Without any images, write the data out exactly as it appears.

PROVIDED ENTRIES:
==================================================

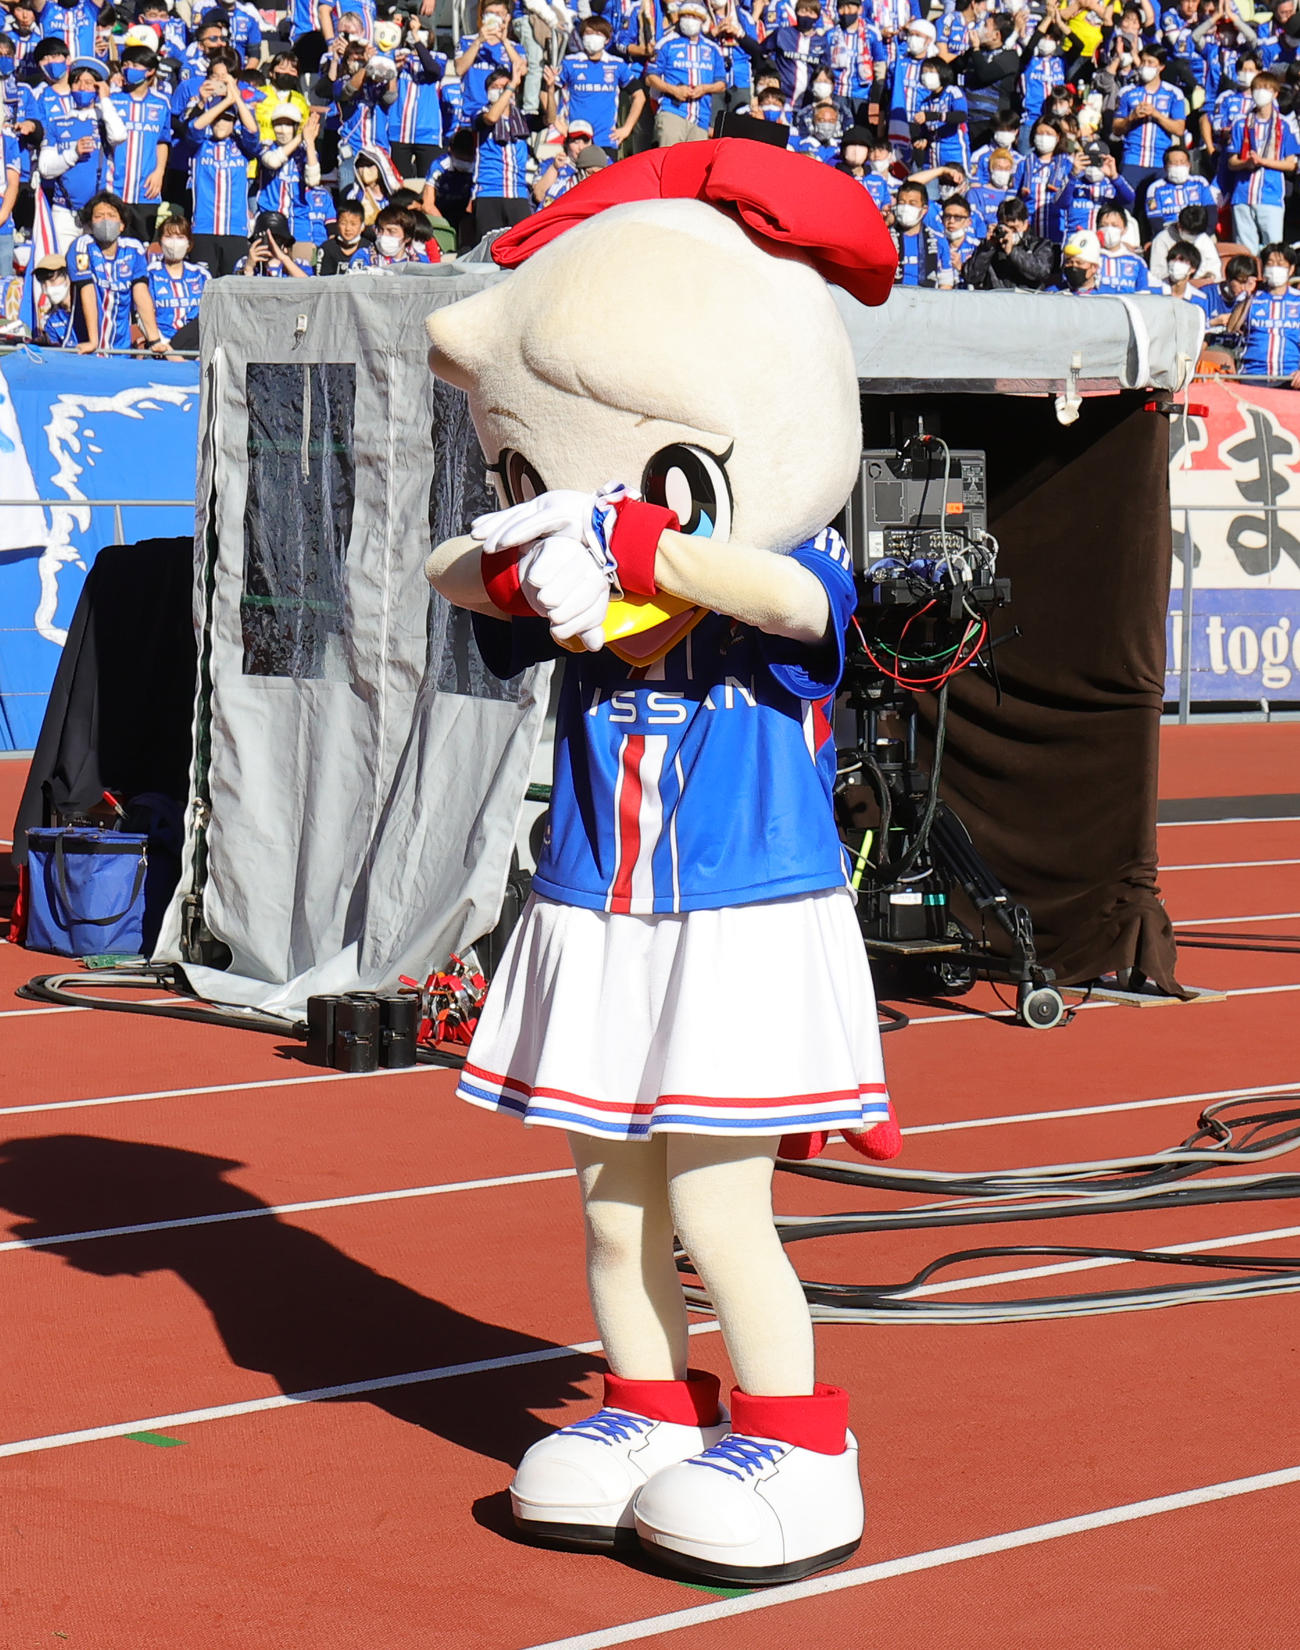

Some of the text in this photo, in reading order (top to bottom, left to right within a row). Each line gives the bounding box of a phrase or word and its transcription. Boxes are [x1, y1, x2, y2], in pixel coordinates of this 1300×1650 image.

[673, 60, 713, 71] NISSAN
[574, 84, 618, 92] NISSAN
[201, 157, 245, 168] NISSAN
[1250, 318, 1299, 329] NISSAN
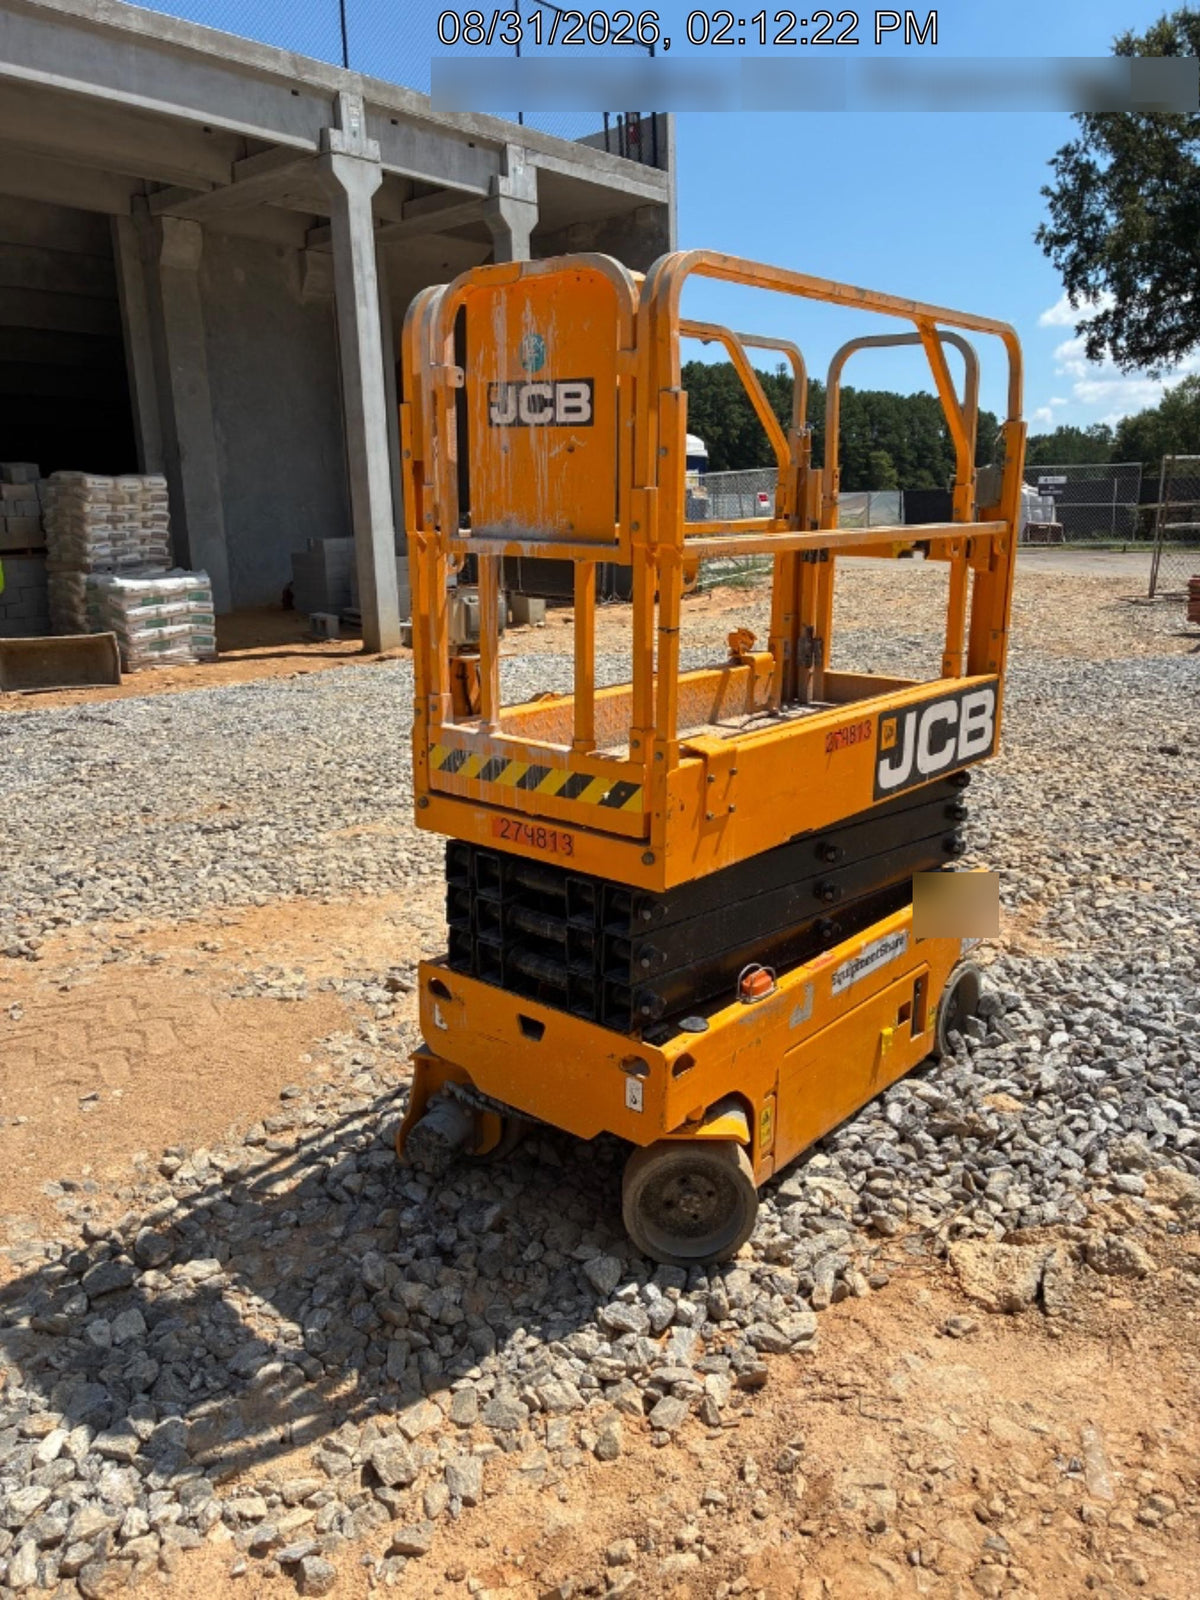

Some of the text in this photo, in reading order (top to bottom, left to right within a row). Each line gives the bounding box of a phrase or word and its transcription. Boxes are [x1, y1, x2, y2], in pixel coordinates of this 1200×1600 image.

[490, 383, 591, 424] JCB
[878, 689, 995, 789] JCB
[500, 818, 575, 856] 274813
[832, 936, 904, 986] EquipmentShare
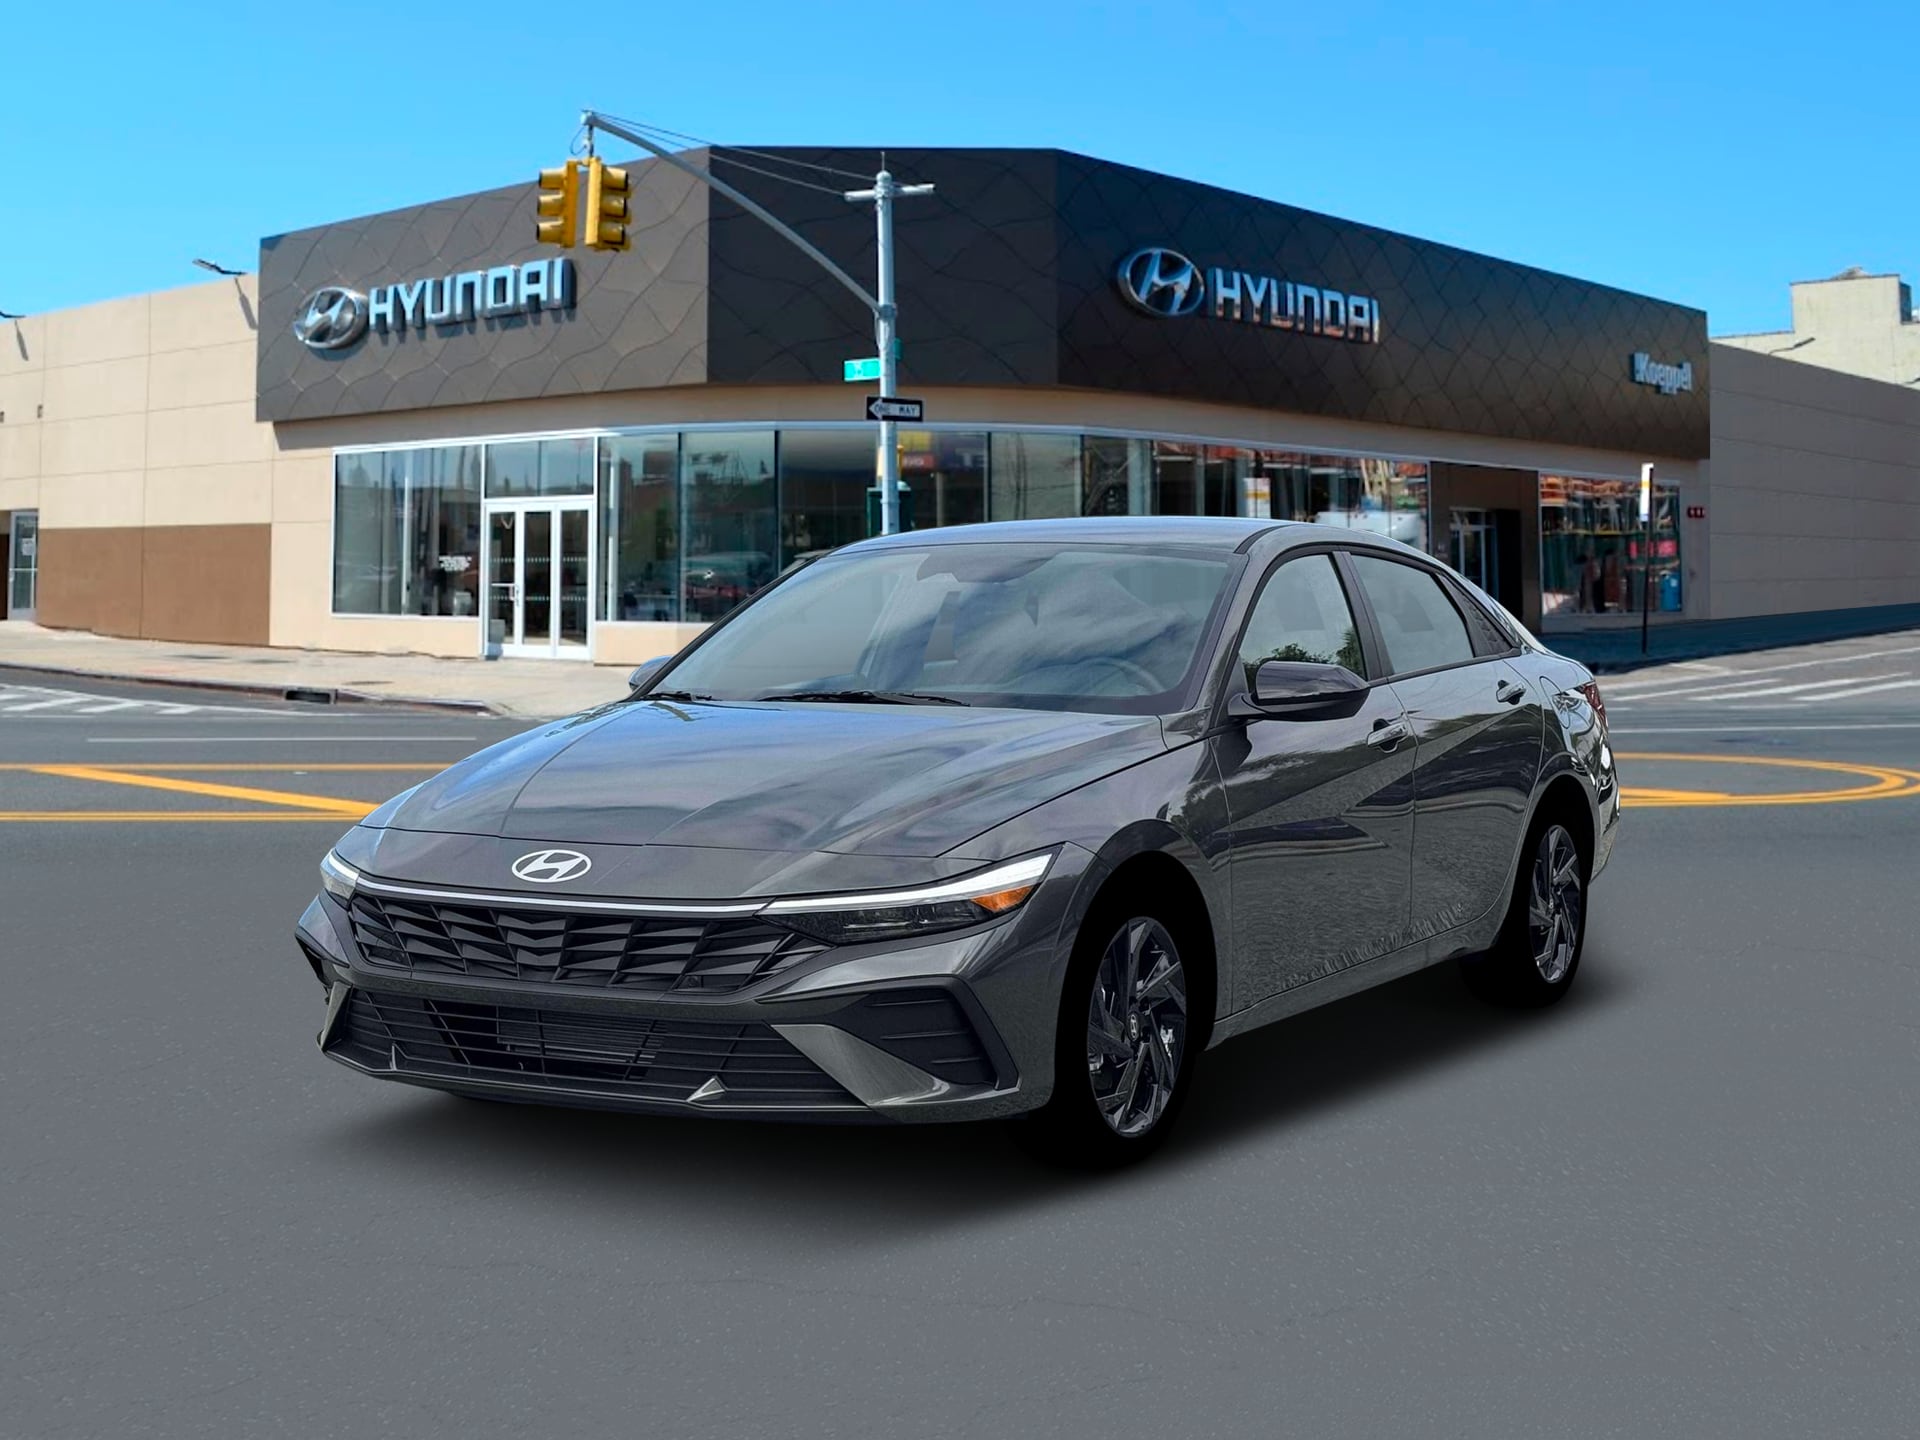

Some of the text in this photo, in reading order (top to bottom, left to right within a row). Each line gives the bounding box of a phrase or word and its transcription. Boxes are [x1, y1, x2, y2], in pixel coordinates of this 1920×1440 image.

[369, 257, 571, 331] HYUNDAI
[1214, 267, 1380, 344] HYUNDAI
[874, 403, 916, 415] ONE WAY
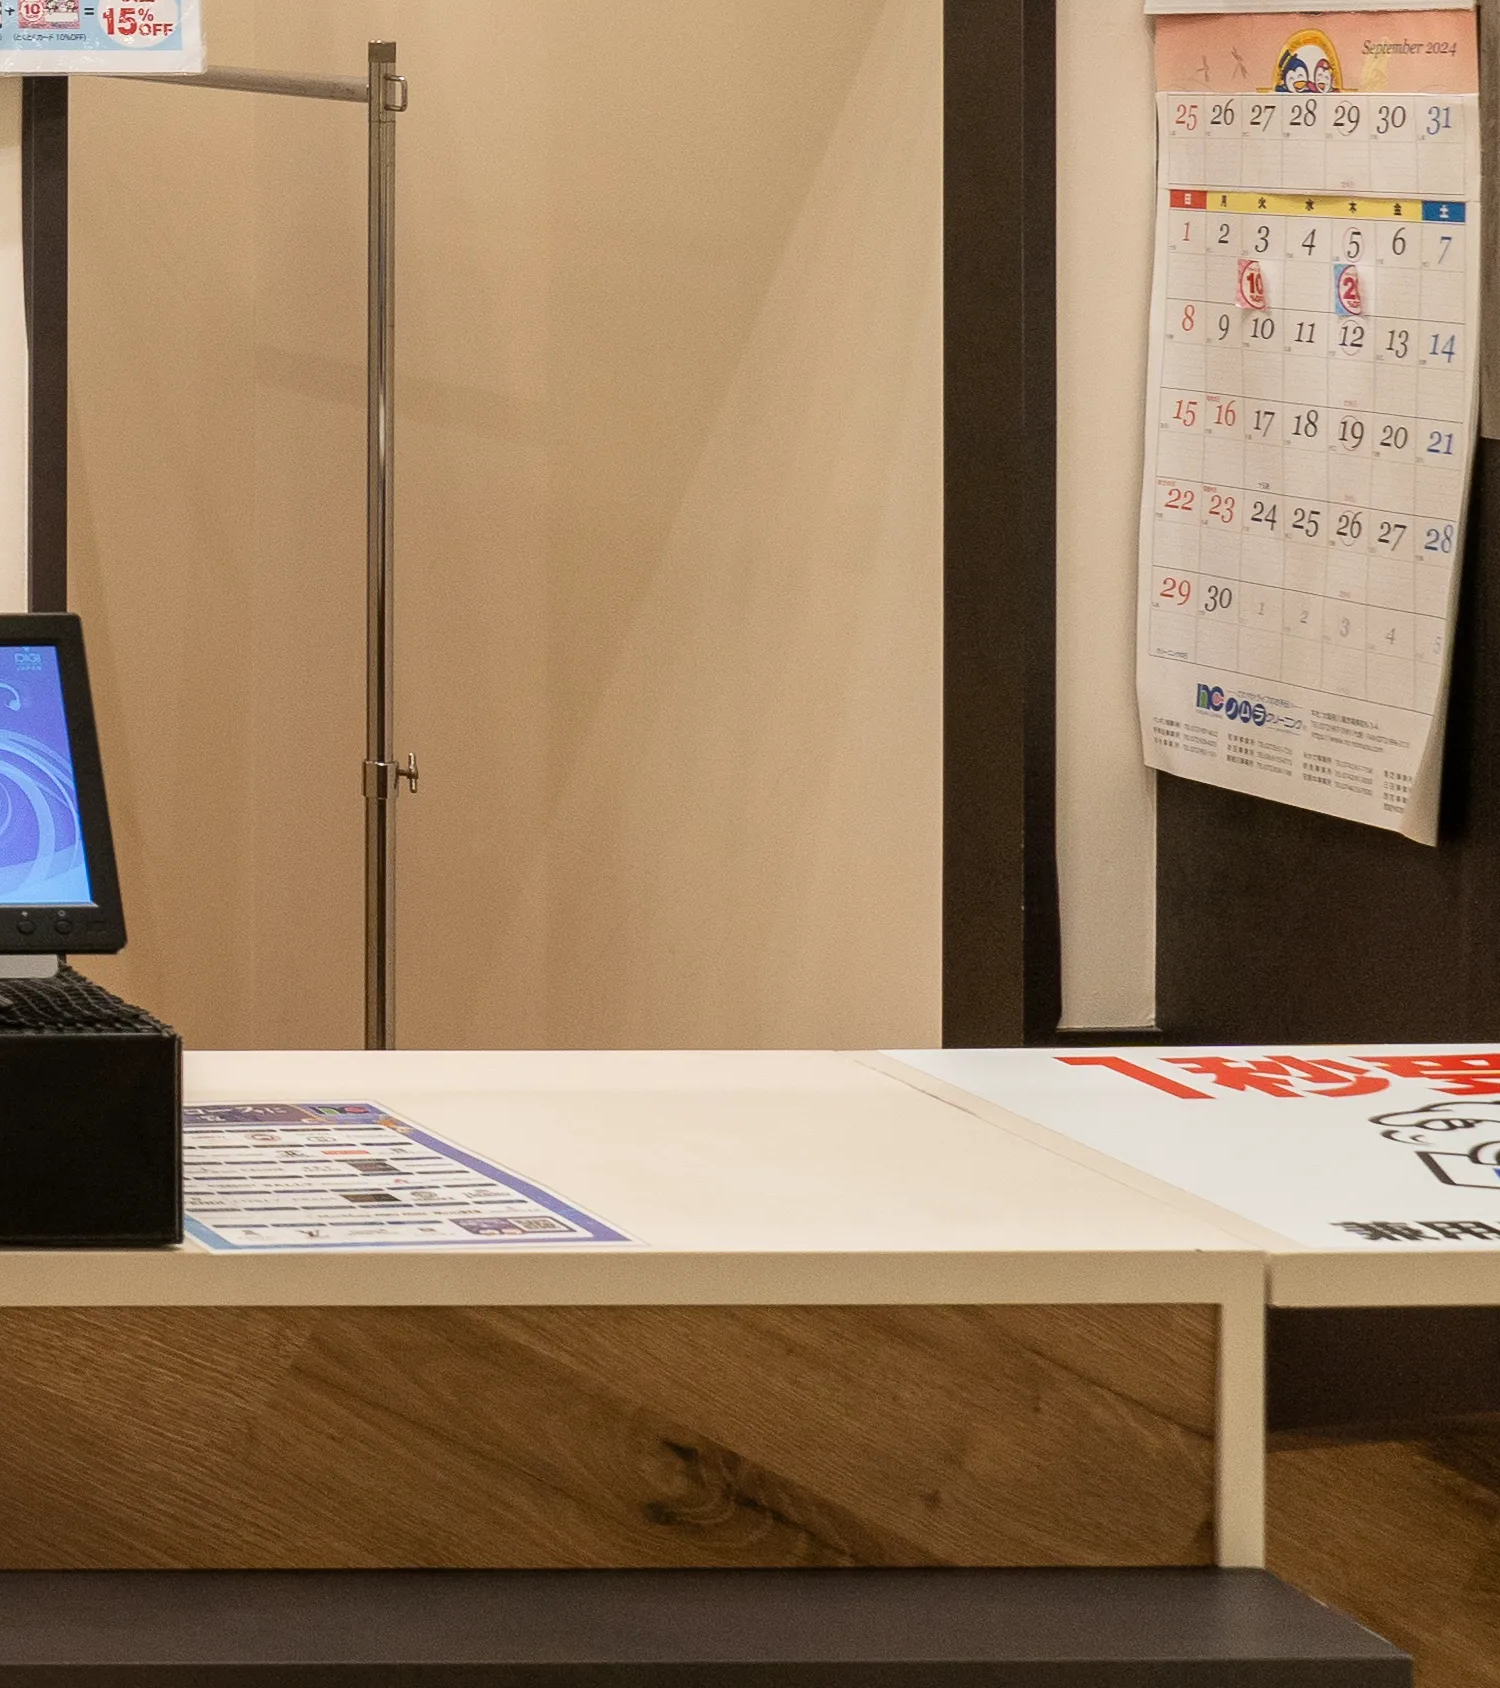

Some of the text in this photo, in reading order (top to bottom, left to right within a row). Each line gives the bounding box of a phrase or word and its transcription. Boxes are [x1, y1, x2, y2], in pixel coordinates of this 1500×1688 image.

==================================================

TASK OUTPUT:
Some of the text in this photo, in reading order (top to bottom, left to right within a row). Each line gives the bounding box of a phrase or word and its transcription. Boxes are [x1, y1, x2, y2], in pixel coordinates of this 1300×1650 image.

[673, 60, 713, 71] NISSAN
[574, 84, 618, 92] NISSAN
[201, 157, 245, 168] NISSAN
[1250, 318, 1299, 329] NISSAN

Some of the text in this photo, in reading order (top to bottom, left to right within a row). Each line gives the bounding box of a phrase or word and its transcription. Boxes are [x1, y1, x2, y2], in pixel coordinates of this 1200×1600 image.

[490, 383, 591, 424] JCB
[878, 689, 995, 789] JCB
[500, 818, 575, 856] 274813
[832, 936, 904, 986] EquipmentShare

Some of the text in this photo, in reading order (top to bottom, left to right within a row). Each line gives the bounding box of a phrase or word and its transcription. Boxes are [x1, y1, x2, y2], in pixel coordinates of this 1920×1440 image.

[369, 257, 571, 331] HYUNDAI
[1214, 267, 1380, 344] HYUNDAI
[874, 403, 916, 415] ONE WAY

Some of the text in this photo, in reading order (top to bottom, left to right within a row). Each line gives the bounding box of a phrase or word and its transcription. Boxes are [x1, y1, x2, y2], in pixel coordinates of this 1500×1688 image.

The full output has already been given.